Cette peur obsédante aura semé sous ses pas des mines antipersonnel sur chacune
des routes qu’il a empruntées. Routes sur lesquelles d’autres l’auront placé
ainsi que celles qu’il choisit lui-même de suivre. Sans cesse la peur de ne pas
mériter la vie; de se percevoir comme traître à sa famille, à sa race. Sans
relâche, les dents serrées dans leur muselière de silence à l’image de celles
des bergers-allemands de son enfance, masques de cuir les empêchant de mordre,
de tuer. Les yeux mirent longtemps à amincir leurs orbites, pour cesser de
s’enfoncer dans les mêmes horreurs. Tous ses sens en furent paralysés. On le
soigna avec le médicament de la religion, servi à toute heure du jour, à toutes
les sauces.
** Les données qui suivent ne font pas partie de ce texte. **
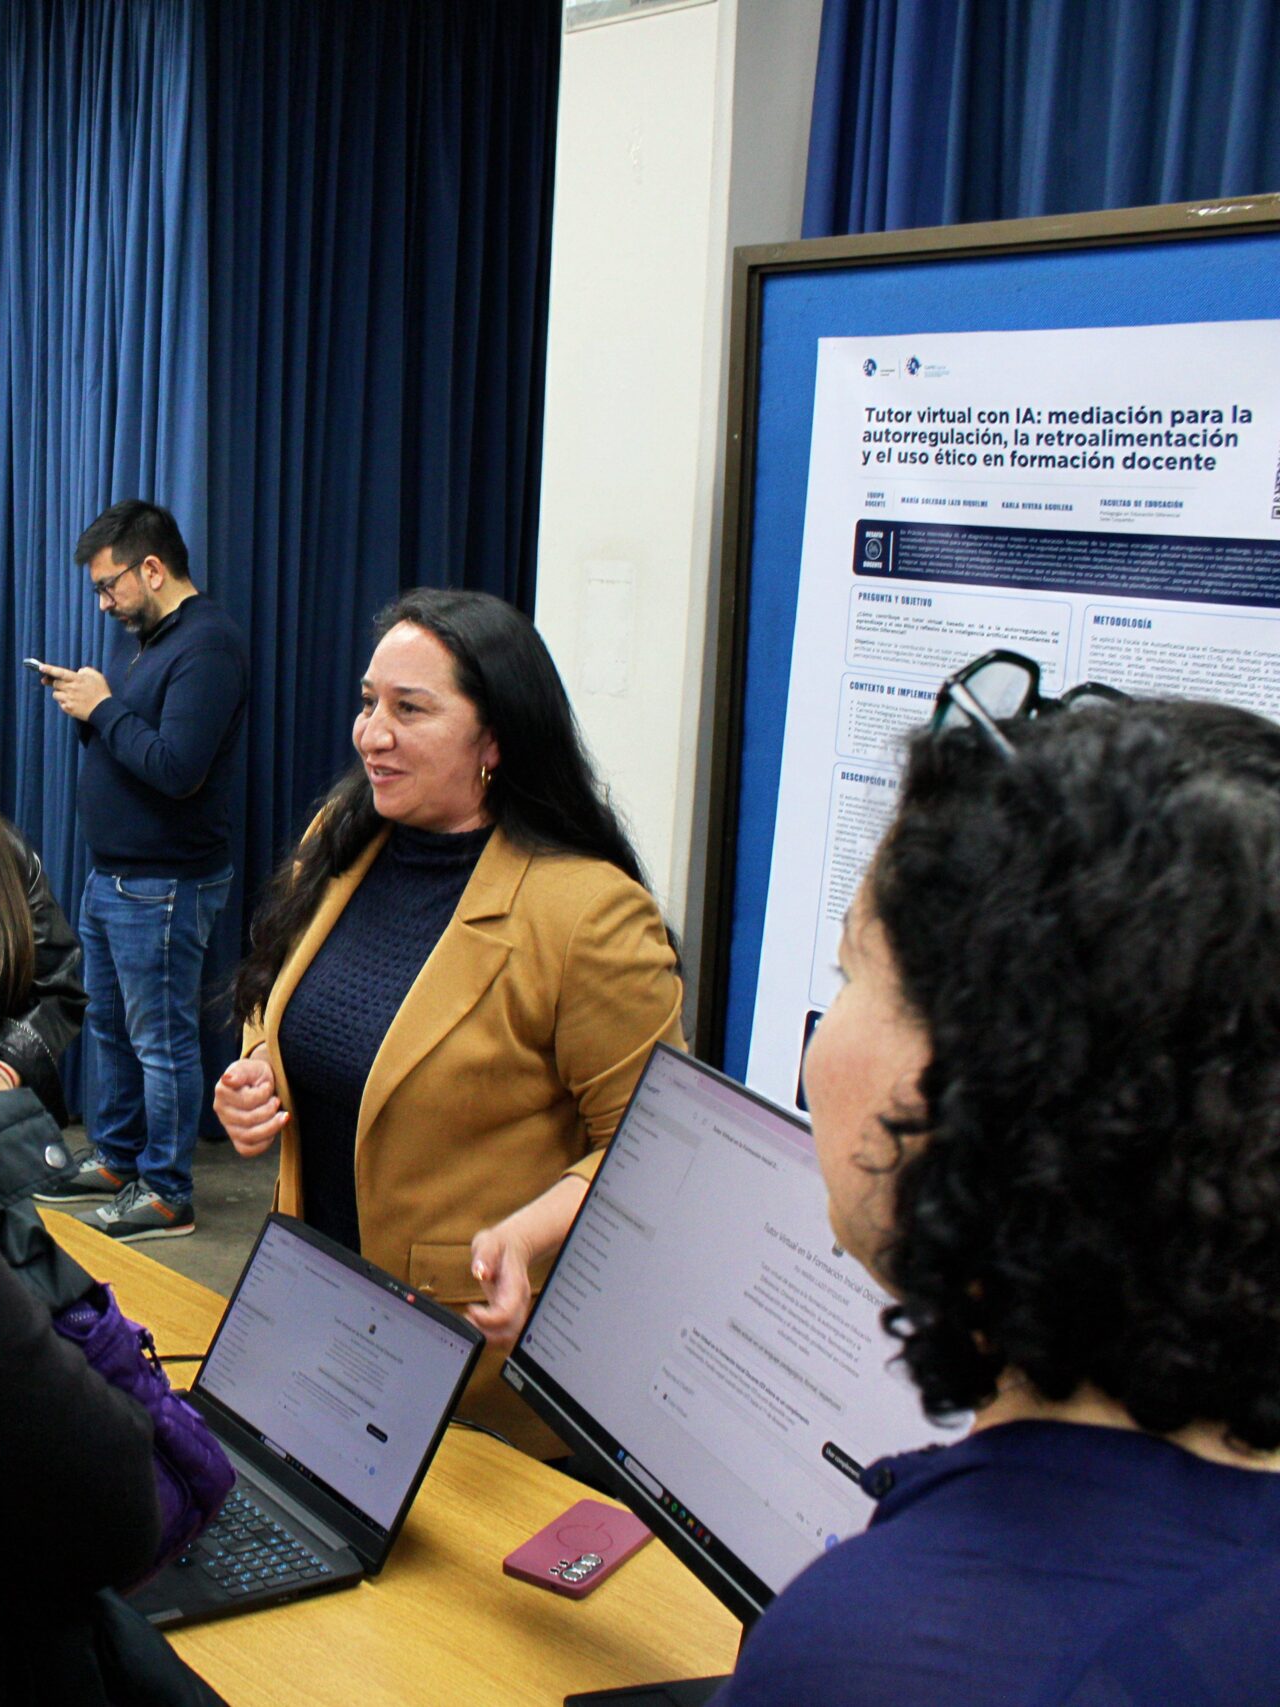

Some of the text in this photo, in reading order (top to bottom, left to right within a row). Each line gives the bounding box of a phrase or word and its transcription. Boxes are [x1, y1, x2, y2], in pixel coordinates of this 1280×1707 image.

On le réveillait la nuit pour une prière alors qu’il ne dormait
pas. Il ne dormait plus. Ses nerfs continuellement tendus dans une salle de
cinéma où, redondant, le même film abject recommençait à jouer.
Il aurait voulu crier « Je ne peux pas… », on ne l’aurait
pas entendu. Si le docteur Freud n’était pas décédé avant la guerre, Daniel
Bloch lui eut été amené. On songea à Bruno Bettleheim, lui-même un
survivant des camps de concentration, mais il avait déjà quitté pour les USA. Son
cri, on l’associait toujours aux premières années de sa vie, son « Je ne
peux pas… », son « Suis-je un traître? », il les projetait
autant sur la perte de sa foi que sur ce lancinant sentiment de honte de
n’avoir pu répondre aux espoirs semés en lui. L’hostile cauchemar, non-stop, le
lui rappelait amèrement. Il mit tous les efforts possibles pour le chasser.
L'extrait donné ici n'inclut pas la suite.